The memory tears another sob from his chest. It's foolish, really. How can you love someone from September to December? How can you love someone, but refuse to share it? How can you love someone, then proclaim to the world that you don't?
How can Simon love someone who won't even tell him what he wants?
He hates crying, oh God he hates crying. He hates feeling weak and hurt and vulnerable and afraid and the fact that the world is looking over his shoulder isn't helping in the slightest. Paranoia creeps up his throat of someone seeing him like this, holed up and alone. He misses Wilhelm so much it's killing him, and he's so sick of tasting the salt of his own tears. He's sick of caring and wanting, yearning for someone who's picked everything else over him. He wants to give the prince another chance, but he can't forget Sara's words: he's always putting someone else first. Wilhelm has had a million chances by now, and he's wasted every single one of them.

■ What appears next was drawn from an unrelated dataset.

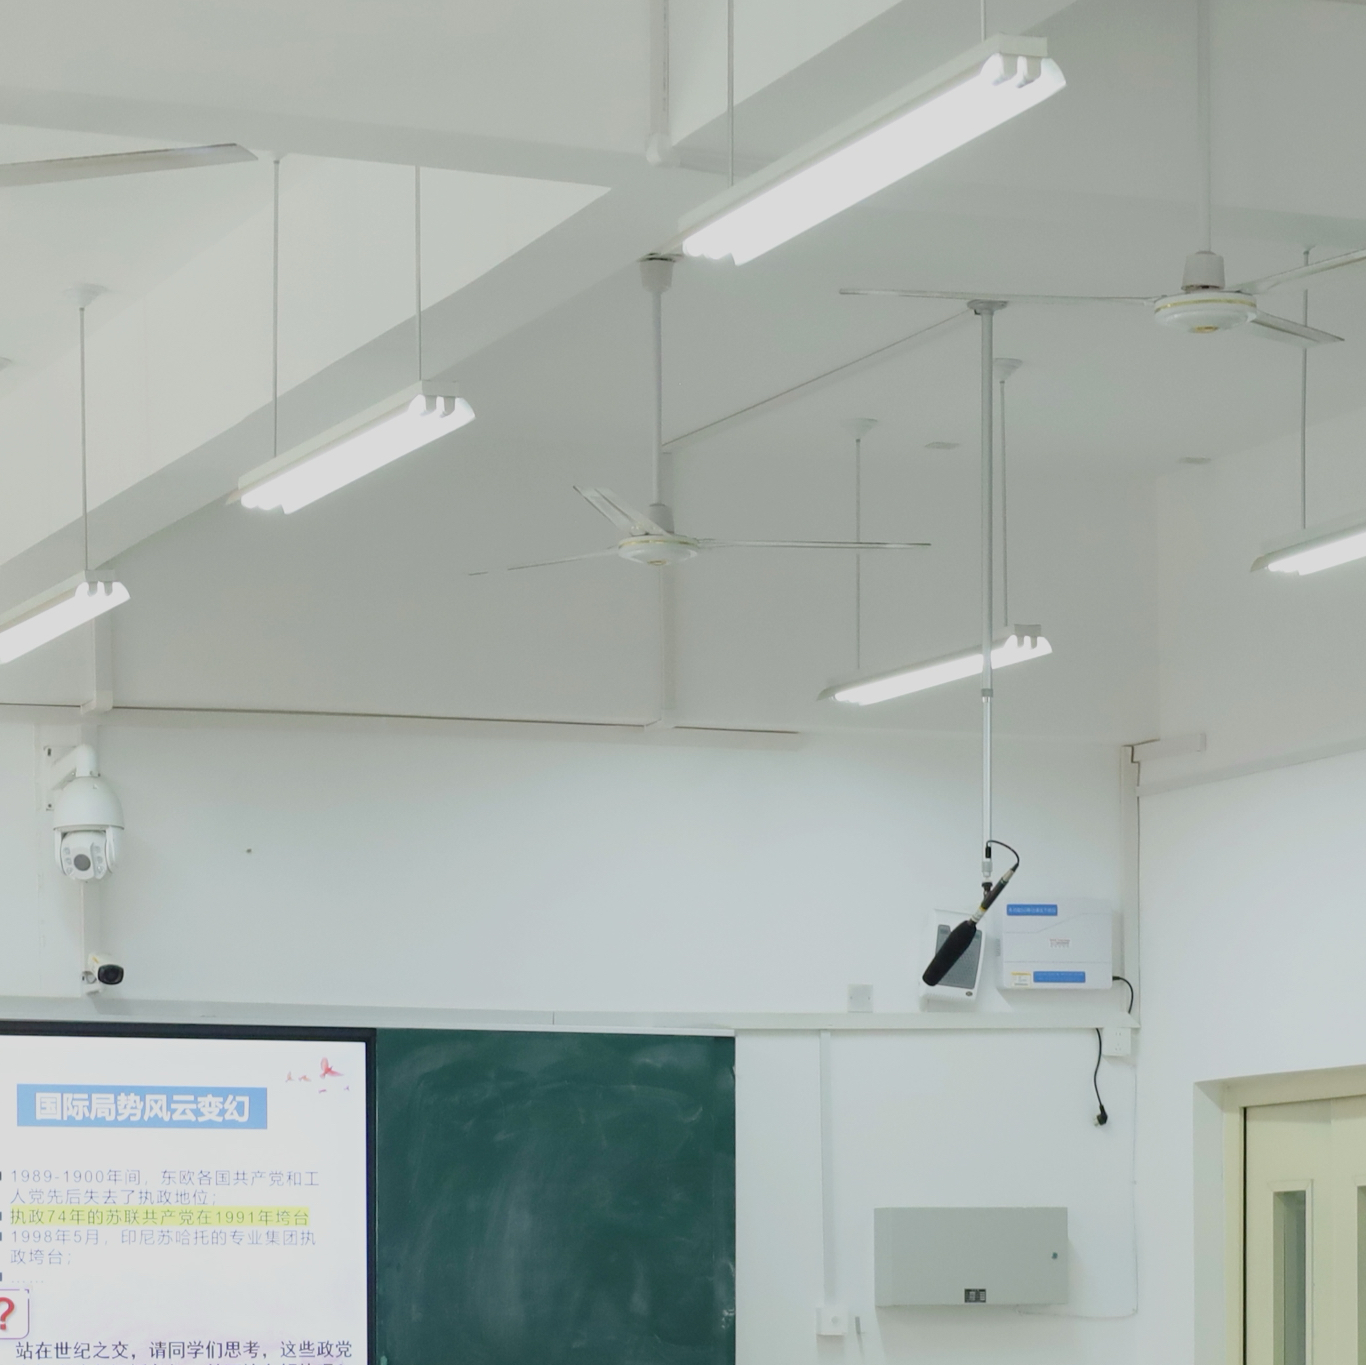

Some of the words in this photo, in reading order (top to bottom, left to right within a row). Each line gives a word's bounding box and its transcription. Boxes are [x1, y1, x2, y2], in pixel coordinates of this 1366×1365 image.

[36, 1092, 250, 1122] 国际局势风云变幻
[10, 1209, 310, 1226] 执政74年的苏联共产党在1991年垮台

But at the same time, Simon remembers how hard it was for him to figure out who he was, without a dead brother and an unexpected crown. He had the privilege of learning how he loves behind closed doors, with no open blinds to betray him. He found his way out of the closet at his own pace. Wilhelm hasn't gotten that chance. A million other ones, maybe, but he hasn't had it easy, and Simon wants nothing more than to take it all away.
He wants to make it go away so badly. He wants to rewind to the day they first locked eyes, to sing to his prince one more time. He wants to laugh with Wilhelm in hiding and hold his hand during a movie, rays of red and blue and yellow flickering across their faces. He wants to kiss him for the first time forever, to eternally feel his lover's heart beat out of his chest because he wants this so much, so much, so much.
He's cried so long the tears have run out. Silent sobs wrack his body and he shakes with the weight of them. And in his heart of hearts he hears only one thing.
"I'm sorry.
I love you."
"I hope you have a nice Christmas."
---
Simon never got his closure. Wilhelm never came clean about the video, even though there were plenty theories and rumors that conflicted the statement he gave. He continued at Hillerska, and so did Simon, and eventually he found a new object of affection to get caught making out with, one that was much more acceptable- though still denied by the crown- to the public eye. Wilhelm turned into the crown prince he had to be, and it killed Simon to watch the life leak out of his eyes. But then Simon fell out of love, and one day he realized that he could sing for somebody else, smile for somebody else, cry for somebody else, or maybe nobody at all.
One day, Wilhelm will be king. People will forgive him easily enough. Simon will forgive him easily enough.
One day, Simon will be nobody. He won't be the school socialist, or the crown prince's gay sex-scapade. He won't find his face on tabloids or his name in Instagram comments. People will forget him easily enough.
Wilhelm will forget him easily enough.
And Simon learned to be okay with that. It took time, but he did. He learned to sleep without imagining Wilhelm's arms around him, and it wasn't uncommon for him to have his arms wrapped around someone else entirely. Simon learned to look at Wilhelm like everyone else did: with vague curiosity and the slightest bit of reverence. He graduated from Hillerska and got out into the world, and he was happy again.
Every once in a while a friend or a co-worker would ask him, "Hey, were you around when the prince's...you know…" and he'd simply look at him without reply, and sometimes they figured it out, and sometimes they didn't. But most importantly, Simon became a person in his own right. He wasn't the prince's anything anymore.
Every once in a while he'd look at the king and remember the love and the pain in equal measure. But the details got fuzzier, and the heartache got further away, and Simon healed.
Eventually, years later, the stretch between Christmas and New Years was happy again. The world forgot about the video. Simon grew up, and Simon stopped crying for a boy he used to love.